Projet de loi 16 – Nouvelles dispositions touchant les syndicats de copropriété

Dans notre dernier article paru le 2 avril dernier, nous avons écrit sur les impacts de la loi 141 en matière d’assurance en copropriété.

Le 3 avril 2019, le législateur actuel a déposé son projet de loi 16. Rappelons, qu’en juin 2018, le gouvernement précédent avait déposé le projet de loi 401, projet de loi s’attaquant à de nombreux problèmes qui affectent la gestion des copropriétés.

Suite au dépôt de ce projet de loi, quatre jours de commission parlementaire se sont tenus les 7, 8, 9 et 13 mai dernier. Plusieurs organismes ont déposé leurs mémoires, dont le Regroupement des gestionnaires et copropriétaires du Québec (RGCQ), le Barreau du Québec, la Chambre des notaires du Québec, l’association des professionnels de la construction et de l’habitation du Québec (APCHQ), l’association professionnelle des courtiers du Québec (APCIQ) et l’association de la construction du Québec (ACQ).

Maintenant, qu’est-ce que la Ministre des Affaires municipales et de l’Habitation va retenir de ces quatre jours de commission parlementaire et apportera-t-elle des amendements à son projet de loi ?
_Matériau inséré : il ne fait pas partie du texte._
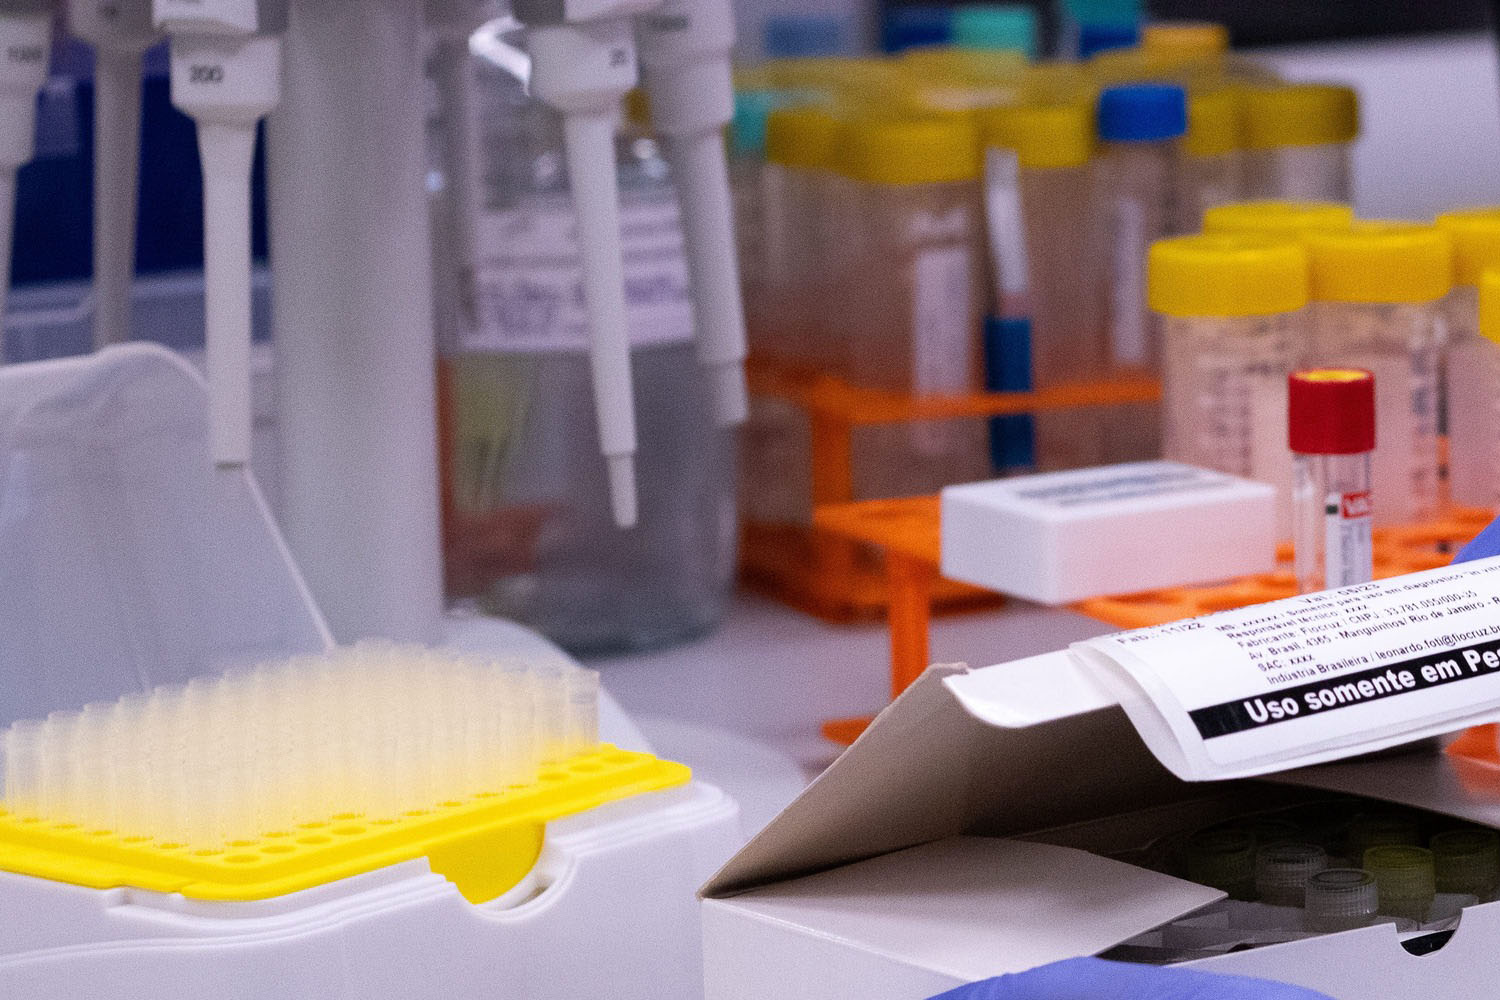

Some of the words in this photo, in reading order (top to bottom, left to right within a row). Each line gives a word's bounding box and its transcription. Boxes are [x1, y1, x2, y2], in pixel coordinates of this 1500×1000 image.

Le 14 juin dernier, l’étude détaillée, article par article, en commission a été suspendue pour la période estivale.

Maintenant, regardons ce que le projet de loi 16 actuel prévoit. Voici les points les plus importants que nous portons à votre connaissance :

1) Le syndicat a l’obligation d’établir un carnet d’entretien de l’immeuble.

Qu’est-ce qu’un carnet d’entretien ?

Le carnet d’entretien a plusieurs utilités. Entre autres, il permet d’organiser le calendrier des travaux à effectuer dans les parties communes et il permet de créer une communication plus fluide entre les différents conseils d’administration qui se succèdent.
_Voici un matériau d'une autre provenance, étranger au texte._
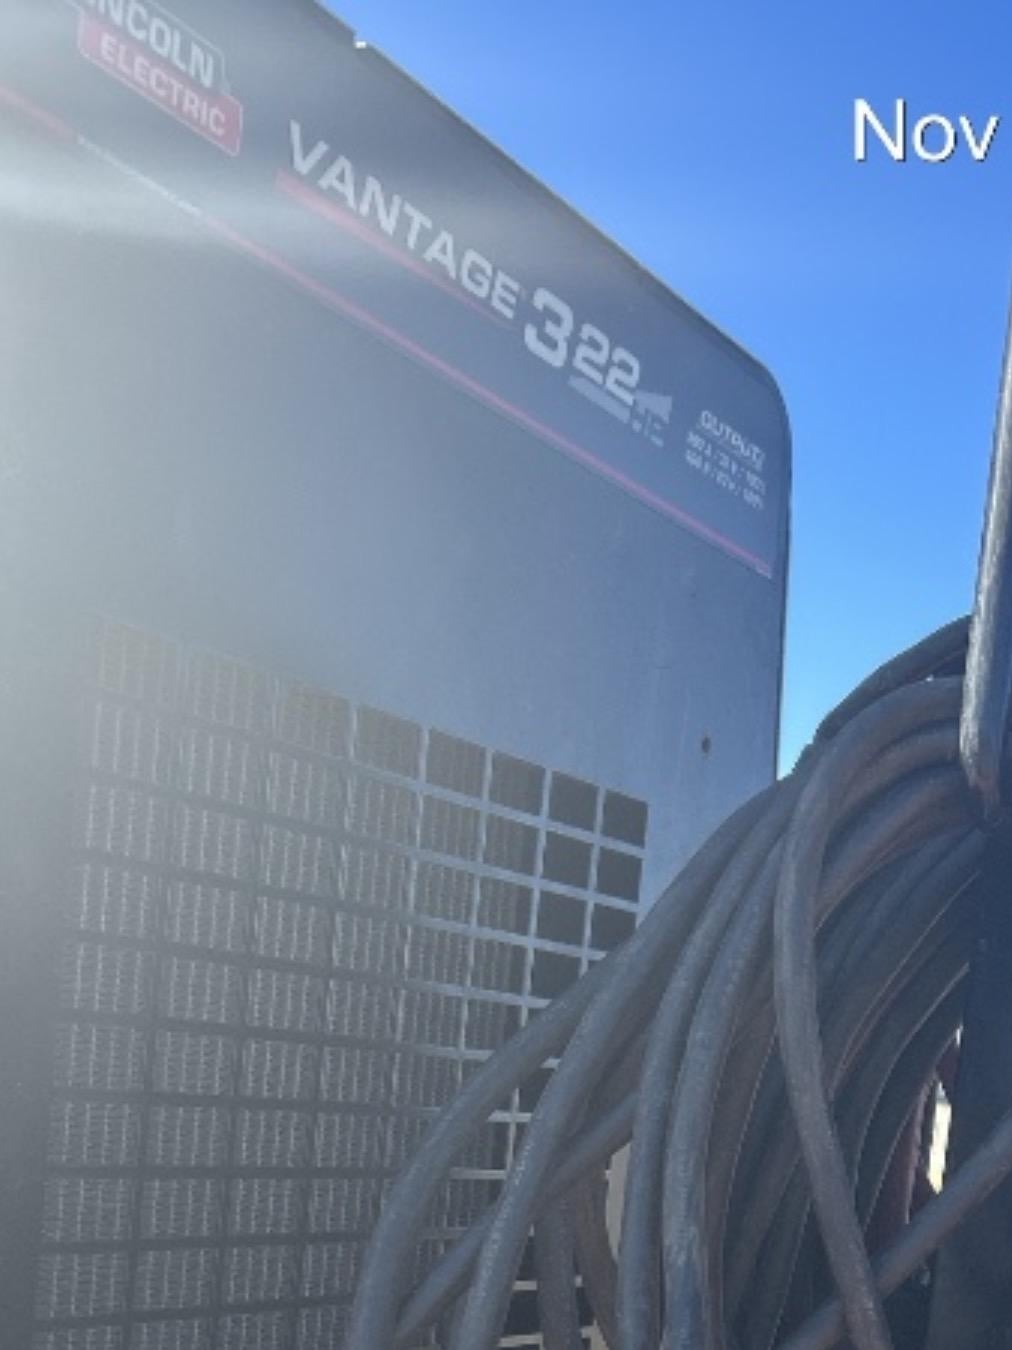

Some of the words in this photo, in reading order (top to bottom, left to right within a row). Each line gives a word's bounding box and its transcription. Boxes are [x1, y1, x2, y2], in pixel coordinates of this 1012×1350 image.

[86, 0, 213, 88] NCOLN
[99, 31, 226, 137] ELECTRIC
[289, 119, 520, 321] VANTAGE
[524, 286, 641, 406] 322
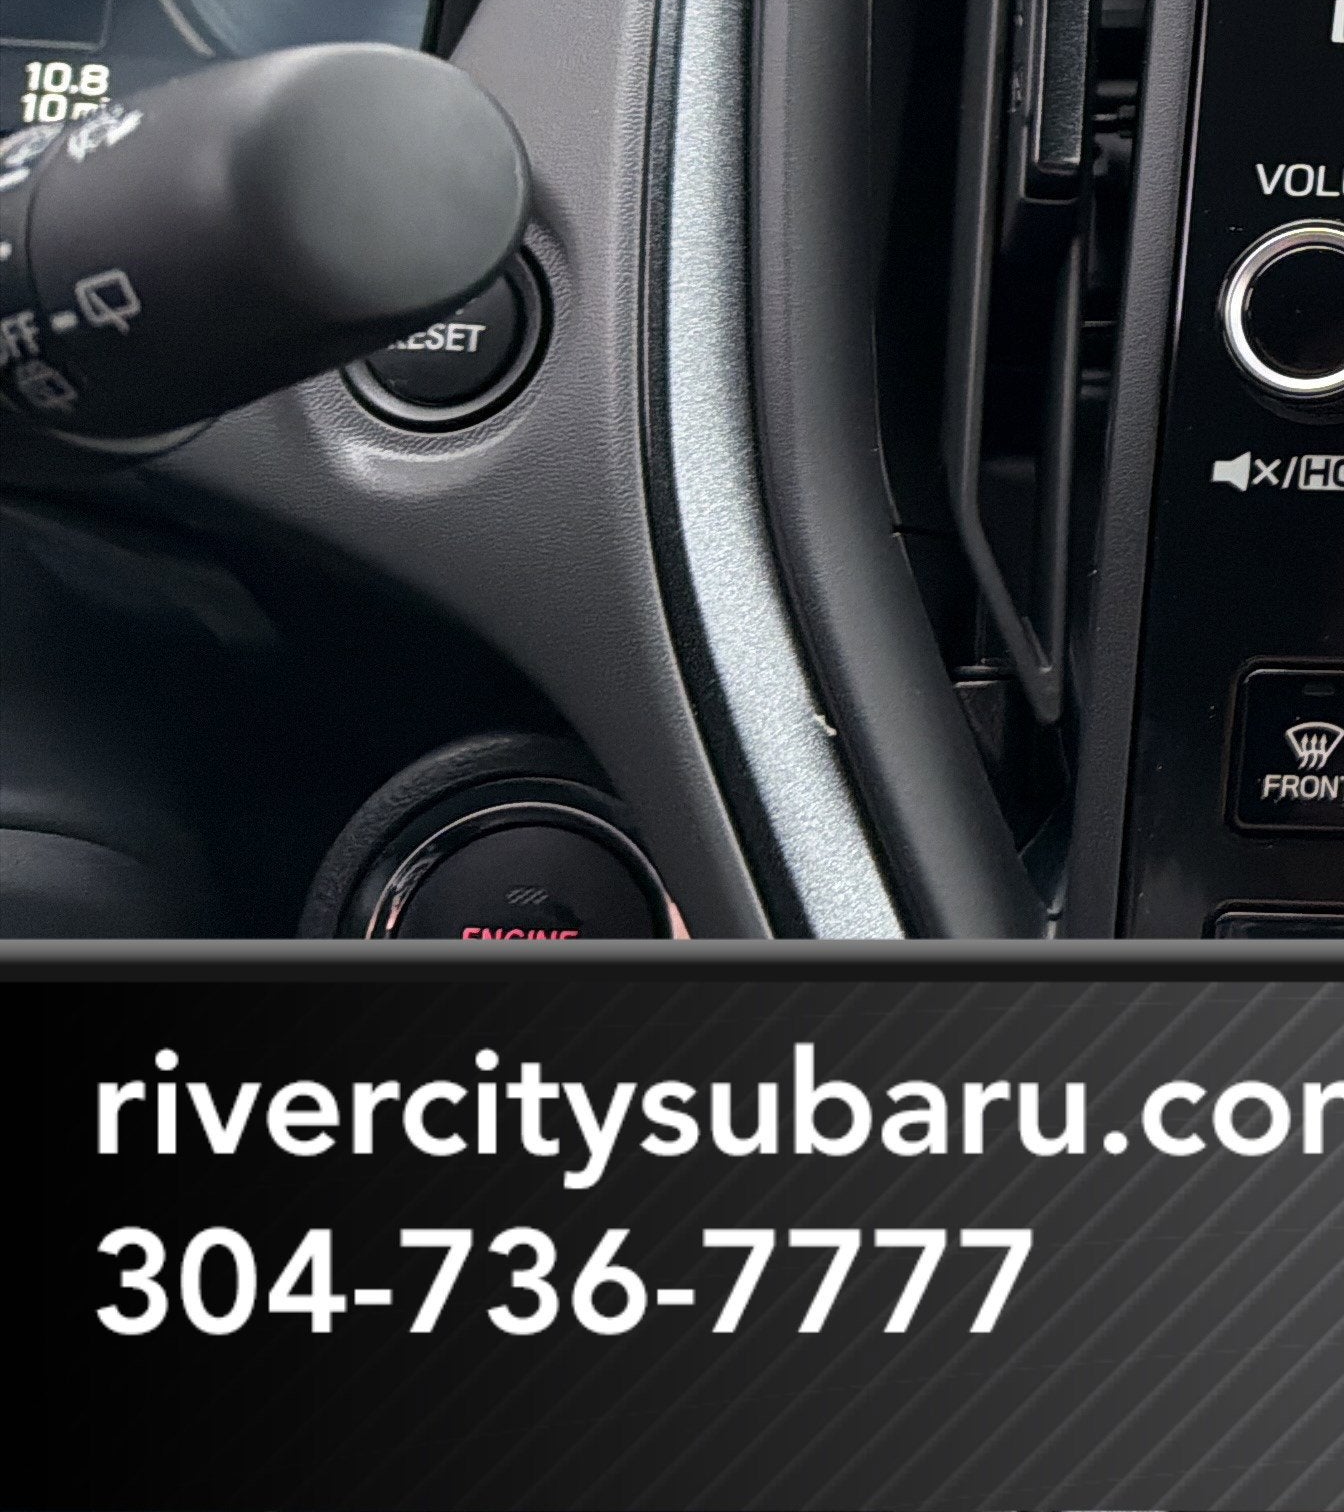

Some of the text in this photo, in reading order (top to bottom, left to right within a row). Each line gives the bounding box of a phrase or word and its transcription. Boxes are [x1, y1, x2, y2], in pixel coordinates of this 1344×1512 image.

[25, 61, 109, 96] 10.8
[21, 92, 68, 122] 10
[0, 310, 40, 368] FF
[387, 323, 486, 352] ESET
Le carnet d’entretien répertorie l’ensemble des travaux d’entretien de l’immeuble (paysagement, déneigement, conciergerie, etc.) et les travaux plus importants (plomberie, électricité, toiture, composantes mécaniques, etc.) selon une cédule d’entretien prédéterminée.

Le fait de prévoir ce qui va arriver permet de mieux répartir les travaux et les dépenses qui vont nécessairement avec. Cela facilite aussi la préparation du budget annuel.

2) Les syndicats seront obligés d’obtenir une étude du fonds de prévoyance et de respecter les conclusions de cette étude.

Qu’est-ce qu’une étude du fonds de prévoyance ?

C’est un document qui établit une projection des sommes à être versées par les copropriétaires à court, moyen et long terme (jusqu’à 30 ans) au fonds de prévoyance. Cette projection permet d’amasser l’argent requis, à chaque année, pour être en mesure de financer les travaux requis à l’immeuble. Le but est de maintenir l’intégrité de l’immeuble de façon continue.

Notons, par ailleurs, que les syndicats devront obtenir cette étude trois ans après l’entrée en vigueur du règlement et qu’ils auront dix ans pour combler l’écart entre ce que le syndicat détient au fonds de prévoyance versus ce qu’il devrait détenir.

À cet effet, les syndicats qui ne versent qu’un faible pourcentage de leurs dépenses (5 % à 10 % par année, par exemple) à leur fonds de prévoyance feront assurément face à une hausse importante de leur frais de condos afin de rattraper les cotisations manquantes des dernières années.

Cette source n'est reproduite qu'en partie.